All of the lines below are to be transcribed faithfully, with pictures excluded from the copy.

DATA FOR THIS TASK START

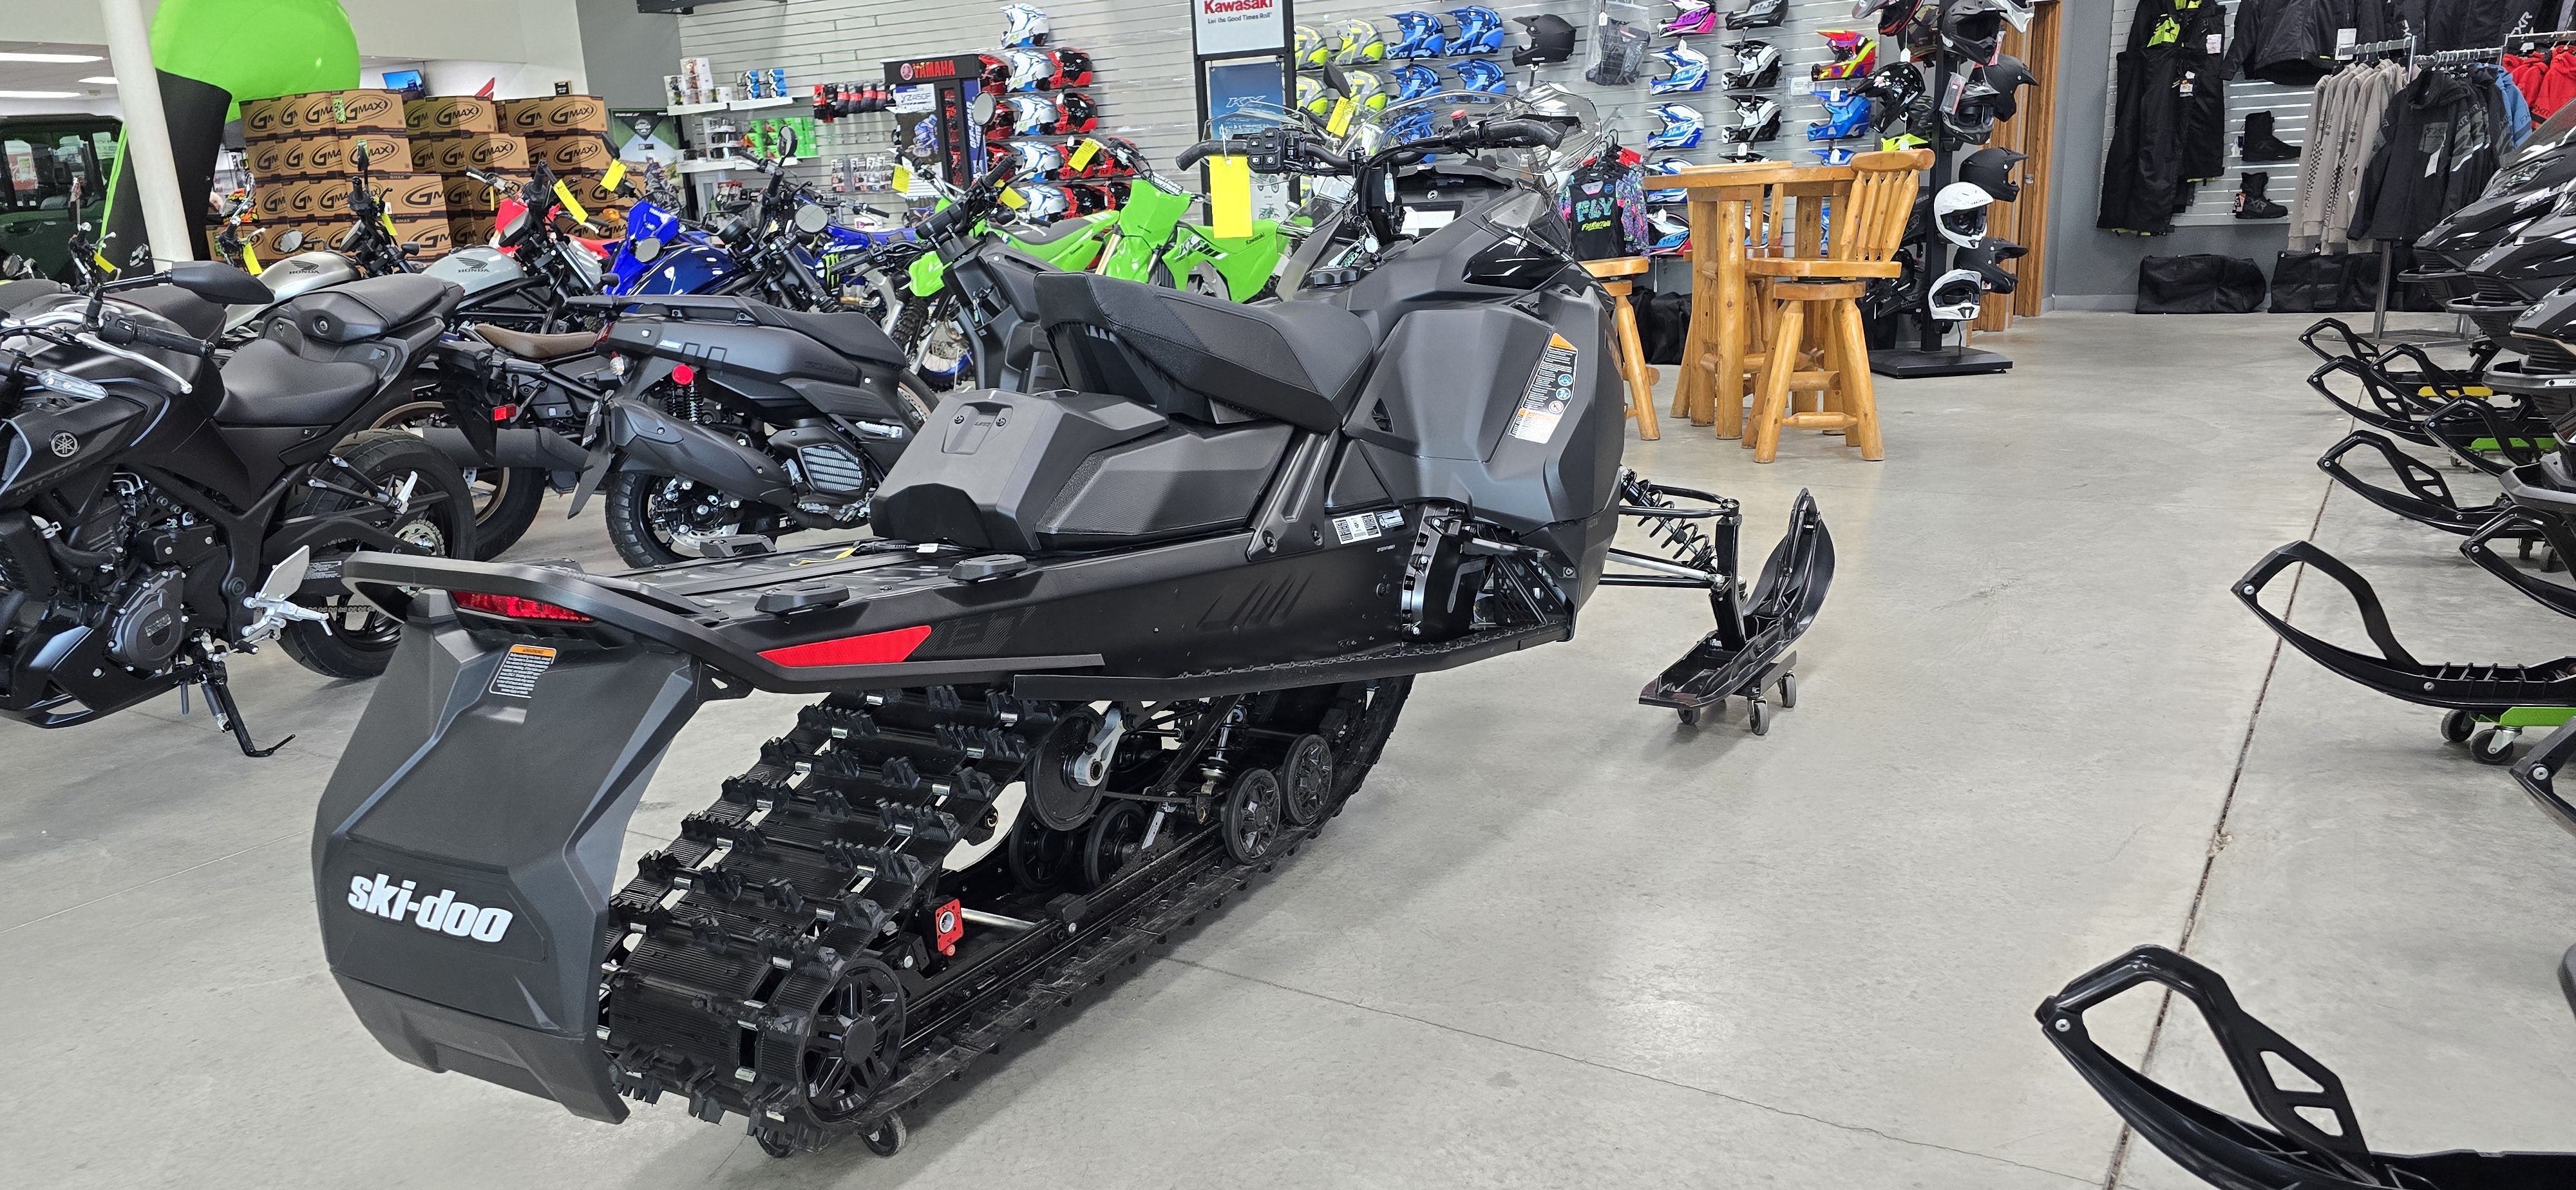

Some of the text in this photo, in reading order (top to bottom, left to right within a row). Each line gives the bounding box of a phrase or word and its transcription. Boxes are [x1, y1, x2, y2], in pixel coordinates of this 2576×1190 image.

[1204, 0, 1273, 14] Kawasaki
[1681, 8, 1707, 22] HJC
[1754, 0, 1779, 14] HJC
[912, 60, 956, 79] YAMAHA
[1676, 65, 1702, 80] HJC
[900, 93, 931, 103] YZ450F
[435, 104, 479, 126] GMAX
[549, 104, 594, 126] GMAX
[1667, 122, 1693, 137] HJC
[471, 142, 513, 164] GMAX
[554, 142, 598, 165] GMAX
[1575, 197, 1614, 222] FLY
[1245, 232, 1265, 245] Kawasaki
[1661, 231, 1687, 245] HJC
[16, 462, 81, 496] MT-03
[348, 873, 513, 942] ski-doo

DATA FOR THIS TASK END

ANSWER SPACE →
Some of the text in this photo, in reading order (top to bottom, left to right within a row). Each line gives the bounding box of a phrase or word and its transcription. Boxes are [x1, y1, x2, y2], in pixel coordinates of this 2576×1190 image.

[1204, 0, 1273, 14] Kawasaki
[1681, 8, 1707, 22] HJC
[1754, 0, 1779, 14] HJC
[912, 60, 956, 79] YAMAHA
[1676, 65, 1702, 80] HJC
[900, 93, 931, 103] YZ450F
[435, 104, 479, 126] GMAX
[549, 104, 594, 126] GMAX
[1667, 122, 1693, 137] HJC
[471, 142, 513, 164] GMAX
[554, 142, 598, 165] GMAX
[1575, 197, 1614, 222] FLY
[1245, 232, 1265, 245] Kawasaki
[1661, 231, 1687, 245] HJC
[16, 462, 81, 496] MT-03
[348, 873, 513, 942] ski-doo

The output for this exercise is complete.